▶ Task to complete: Your output should reproduce each entry exactly, with none of its pictures.

▶ Record extracts:
○ ○ ○
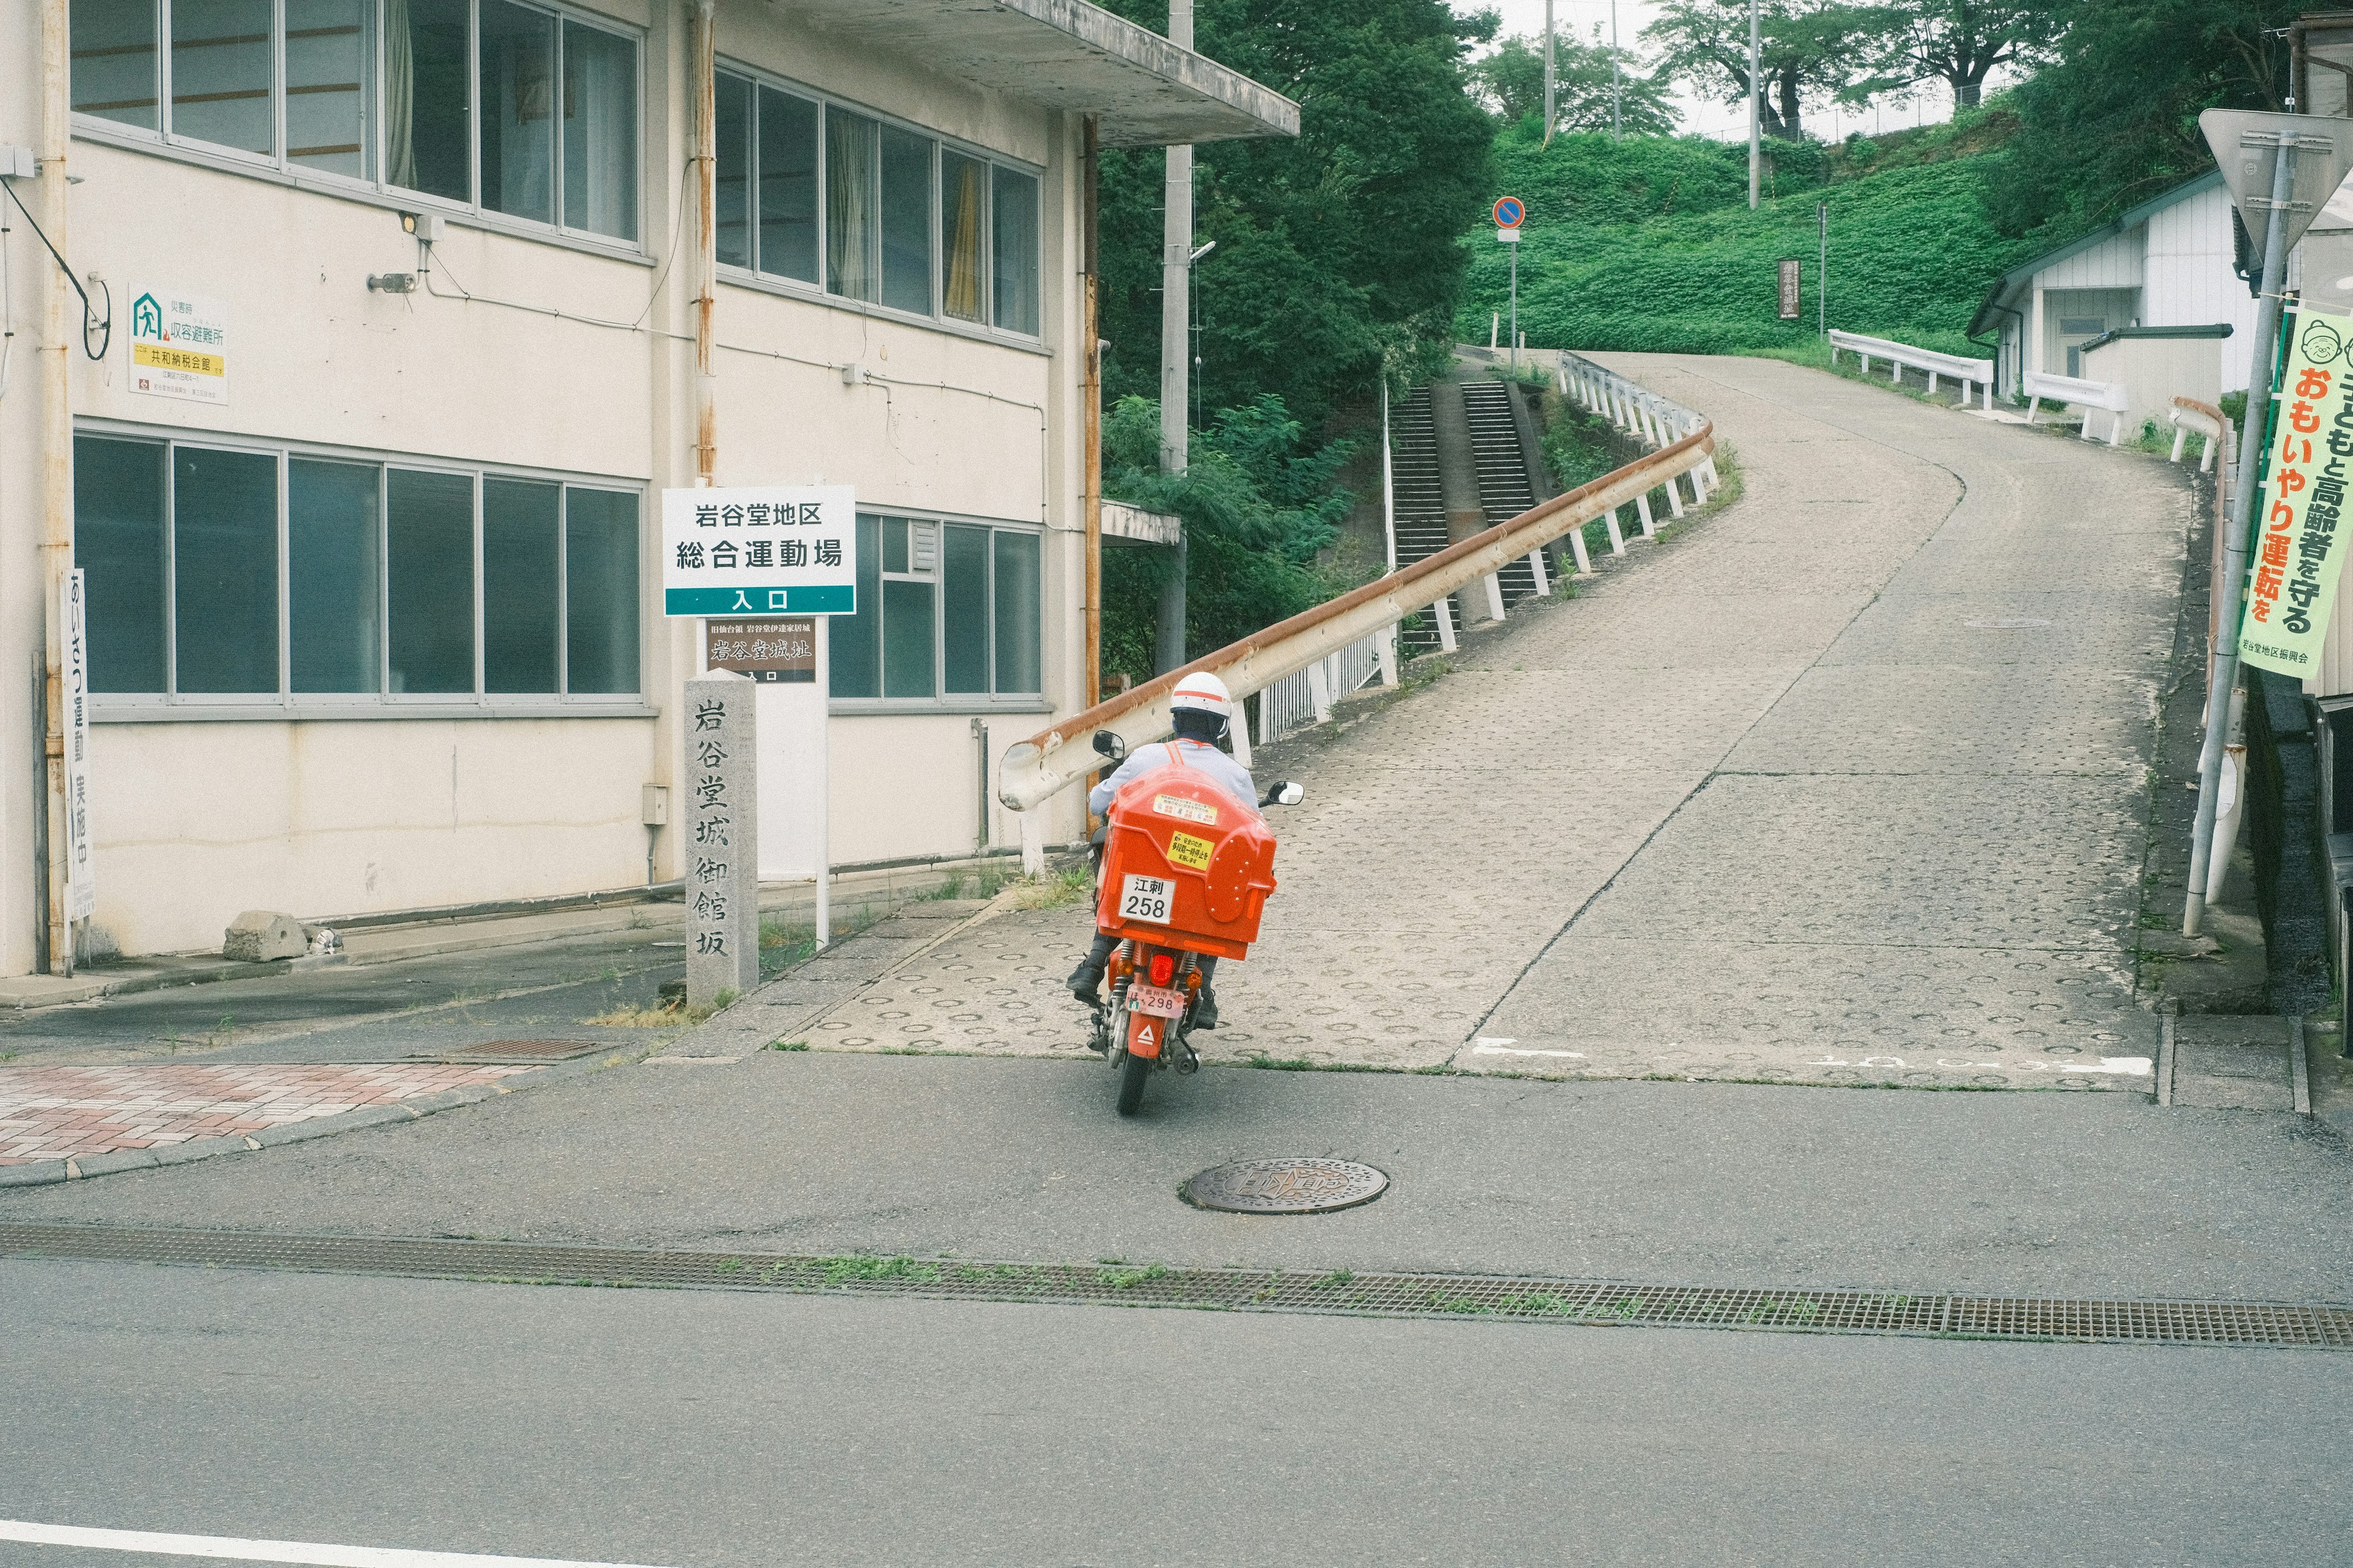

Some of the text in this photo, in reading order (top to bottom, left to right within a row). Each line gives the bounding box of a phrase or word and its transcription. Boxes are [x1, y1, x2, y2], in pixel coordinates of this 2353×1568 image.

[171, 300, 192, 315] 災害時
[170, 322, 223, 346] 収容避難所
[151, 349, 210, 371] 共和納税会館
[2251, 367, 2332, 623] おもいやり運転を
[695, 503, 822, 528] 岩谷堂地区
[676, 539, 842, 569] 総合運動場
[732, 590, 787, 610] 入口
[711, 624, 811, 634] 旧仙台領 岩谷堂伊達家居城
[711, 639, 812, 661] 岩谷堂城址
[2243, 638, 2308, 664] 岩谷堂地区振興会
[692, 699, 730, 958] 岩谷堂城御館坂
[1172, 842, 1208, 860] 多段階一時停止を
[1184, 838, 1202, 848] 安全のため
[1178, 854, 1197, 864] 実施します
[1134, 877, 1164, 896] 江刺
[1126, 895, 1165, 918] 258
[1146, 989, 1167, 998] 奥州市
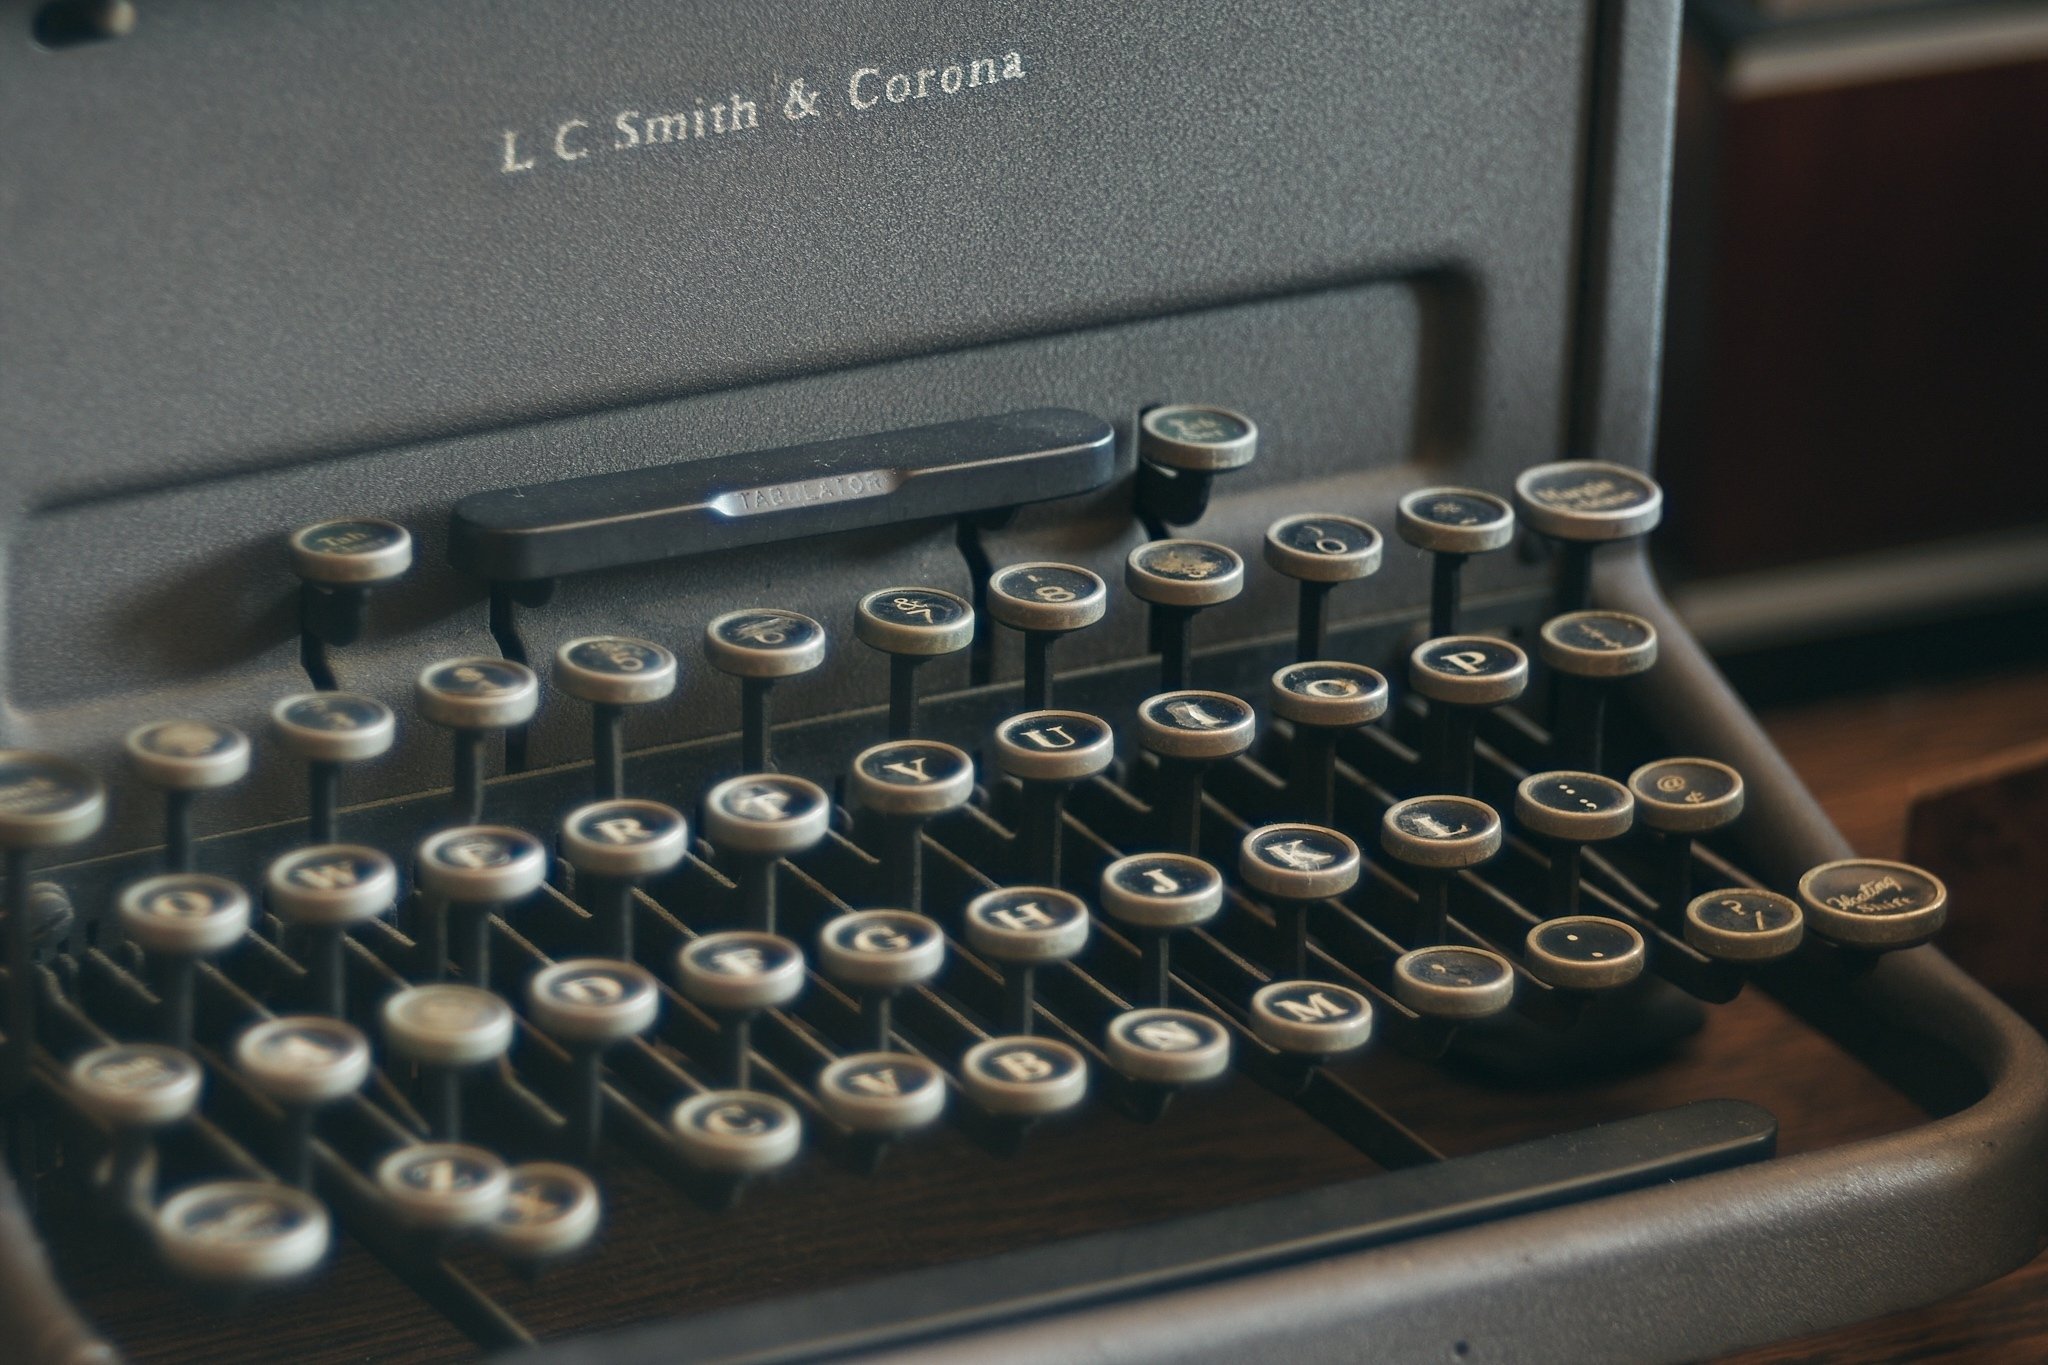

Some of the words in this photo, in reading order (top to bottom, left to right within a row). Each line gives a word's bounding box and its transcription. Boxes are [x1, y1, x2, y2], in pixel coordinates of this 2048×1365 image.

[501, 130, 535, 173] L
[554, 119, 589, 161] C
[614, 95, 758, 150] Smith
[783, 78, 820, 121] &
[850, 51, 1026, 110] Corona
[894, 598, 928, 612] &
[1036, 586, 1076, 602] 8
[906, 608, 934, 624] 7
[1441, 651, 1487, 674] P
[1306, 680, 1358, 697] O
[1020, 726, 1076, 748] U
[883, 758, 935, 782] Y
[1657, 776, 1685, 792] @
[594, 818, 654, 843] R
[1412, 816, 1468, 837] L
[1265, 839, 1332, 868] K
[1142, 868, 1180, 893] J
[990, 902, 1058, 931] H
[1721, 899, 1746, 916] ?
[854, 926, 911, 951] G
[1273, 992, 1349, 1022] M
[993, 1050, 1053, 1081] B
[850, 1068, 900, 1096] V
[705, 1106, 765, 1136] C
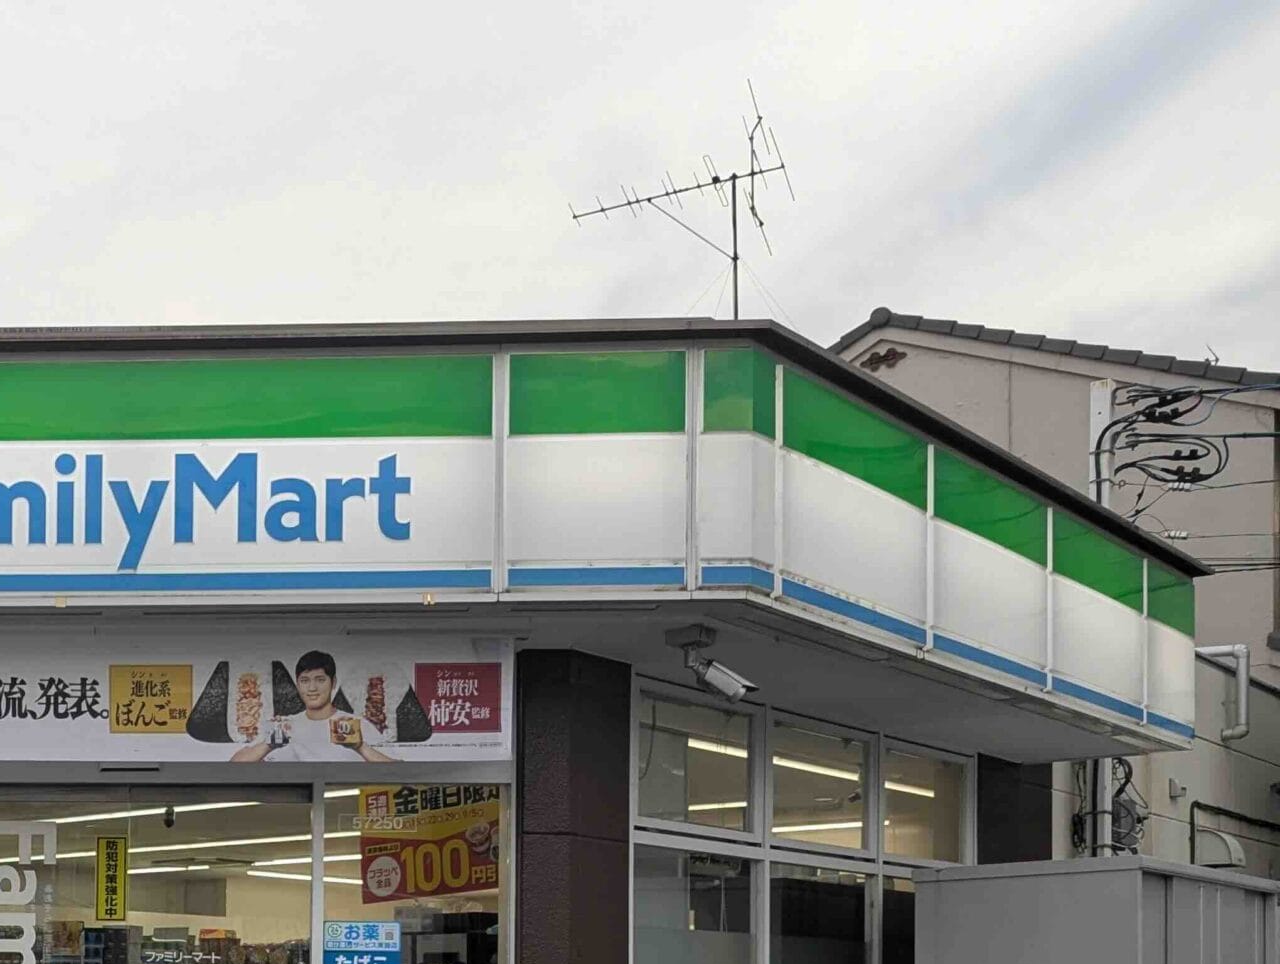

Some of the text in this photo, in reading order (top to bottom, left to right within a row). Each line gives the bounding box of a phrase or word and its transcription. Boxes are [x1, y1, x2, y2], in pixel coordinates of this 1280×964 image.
○ ○ ○
▶ Your solution:
Some of the text in this photo, in reading order (top to bottom, left to right within a row). Each line gives the bounding box of a phrase or word and its transcription. Boxes are [x1, y1, x2, y2], in pixel coordinates of this 2353×1568 image.

[171, 300, 192, 315] 災害時
[170, 322, 223, 346] 収容避難所
[151, 349, 210, 371] 共和納税会館
[2251, 367, 2332, 623] おもいやり運転を
[695, 503, 822, 528] 岩谷堂地区
[676, 539, 842, 569] 総合運動場
[732, 590, 787, 610] 入口
[711, 624, 811, 634] 旧仙台領 岩谷堂伊達家居城
[711, 639, 812, 661] 岩谷堂城址
[2243, 638, 2308, 664] 岩谷堂地区振興会
[692, 699, 730, 958] 岩谷堂城御館坂
[1172, 842, 1208, 860] 多段階一時停止を
[1184, 838, 1202, 848] 安全のため
[1178, 854, 1197, 864] 実施します
[1134, 877, 1164, 896] 江刺
[1126, 895, 1165, 918] 258
[1146, 989, 1167, 998] 奥州市

Some of the words in this photo, in reading order (top to bottom, left to right within a row). Each line gives a word's bounding box and its transcription. Boxes are [x1, y1, x2, y2], in pixel coordinates of this 2048×1365 image.

[501, 130, 535, 173] L
[554, 119, 589, 161] C
[614, 95, 758, 150] Smith
[783, 78, 820, 121] &
[850, 51, 1026, 110] Corona
[894, 598, 928, 612] &
[1036, 586, 1076, 602] 8
[906, 608, 934, 624] 7
[1441, 651, 1487, 674] P
[1306, 680, 1358, 697] O
[1020, 726, 1076, 748] U
[883, 758, 935, 782] Y
[1657, 776, 1685, 792] @
[594, 818, 654, 843] R
[1412, 816, 1468, 837] L
[1265, 839, 1332, 868] K
[1142, 868, 1180, 893] J
[990, 902, 1058, 931] H
[1721, 899, 1746, 916] ?
[854, 926, 911, 951] G
[1273, 992, 1349, 1022] M
[993, 1050, 1053, 1081] B
[850, 1068, 900, 1096] V
[705, 1106, 765, 1136] C

Some of the text in this photo, in reading order (top to bottom, left to right within a row). Each line gives the bounding box of a phrase or word and its transcription. Boxes are [x1, y1, x2, y2], in pixel coordinates of this 1280×964 image.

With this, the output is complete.